━━━━━ PROVIDED RECORDS

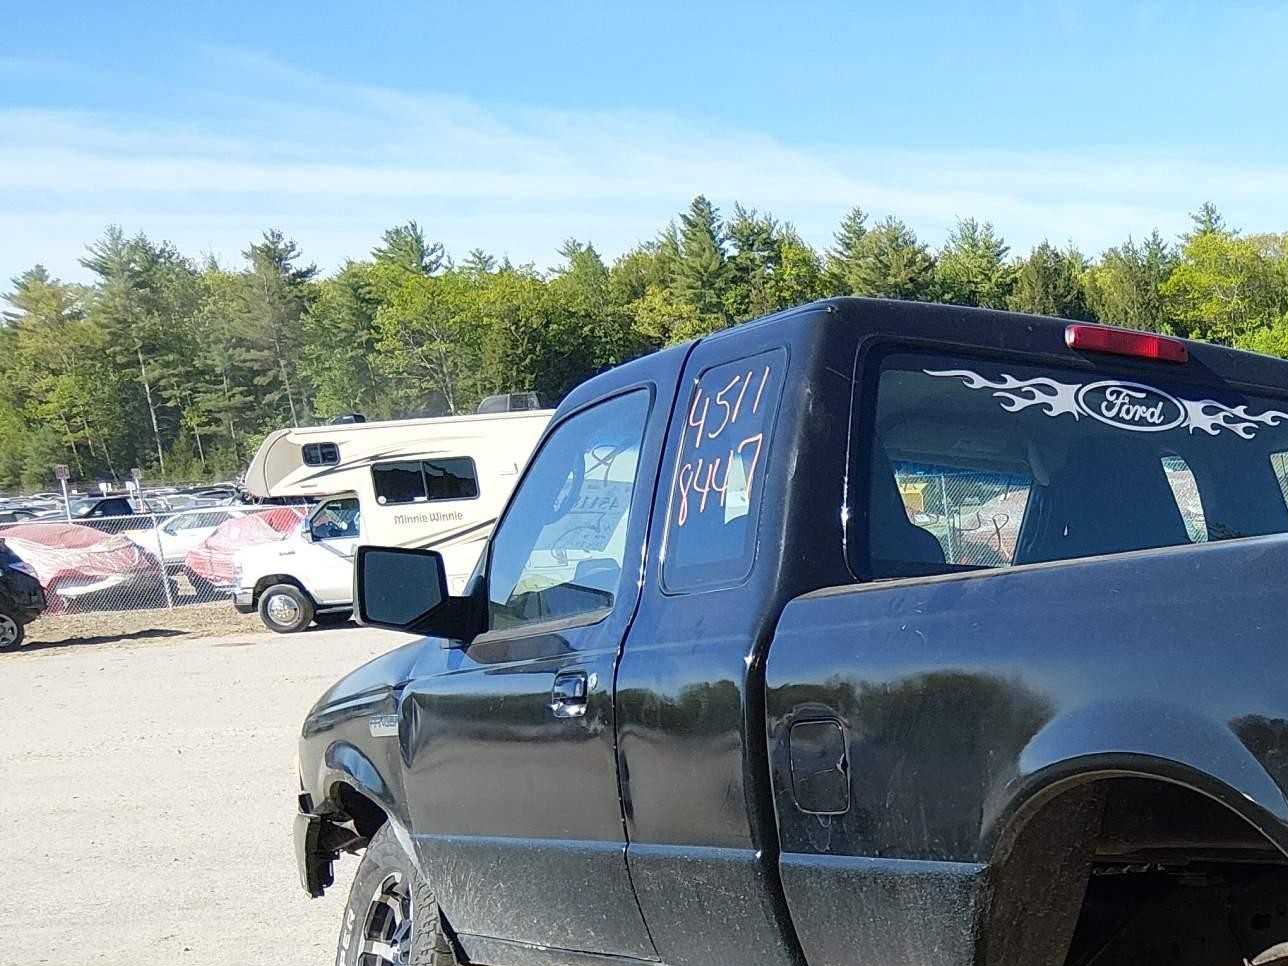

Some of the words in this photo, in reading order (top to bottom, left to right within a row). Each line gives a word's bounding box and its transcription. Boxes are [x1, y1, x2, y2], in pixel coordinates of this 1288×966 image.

[689, 366, 770, 449] 4511
[1101, 386, 1165, 424] Ford
[679, 432, 763, 527] 8447
[394, 513, 428, 525] Minnie
[429, 511, 463, 522] Winnie
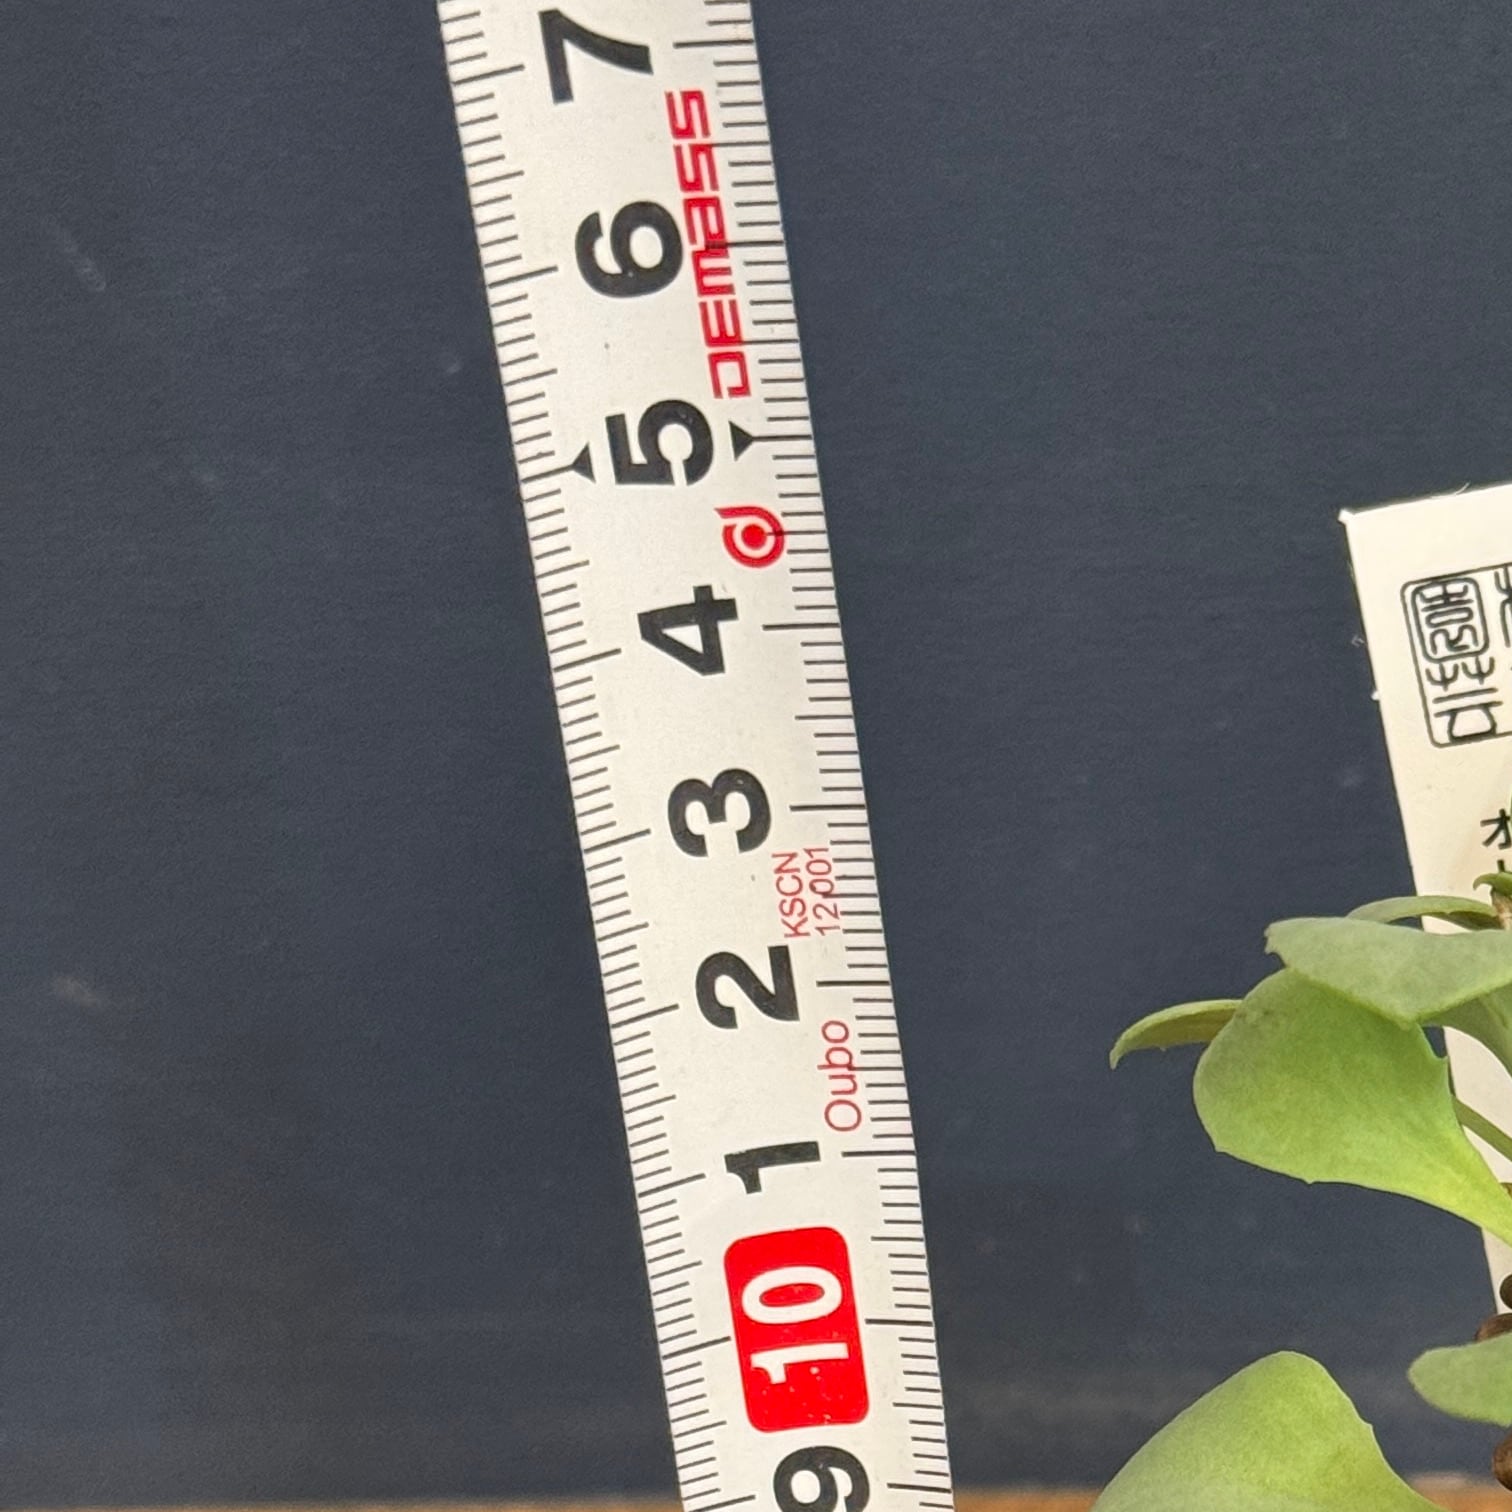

━━━━━━━━━━

## WHAT TO WORK ON
Repeat the data exactly, dropping every picture it holds.

## RESULT FOR THIS TASK
Some of the words in this photo, in reading order (top to bottom, left to right within a row). Each line gives a word's bounding box and its transcription. Boxes are [x1, y1, x2, y2], in pixel coordinates of this 1288×966 image.

[689, 366, 770, 449] 4511
[1101, 386, 1165, 424] Ford
[679, 432, 763, 527] 8447
[394, 513, 428, 525] Minnie
[429, 511, 463, 522] Winnie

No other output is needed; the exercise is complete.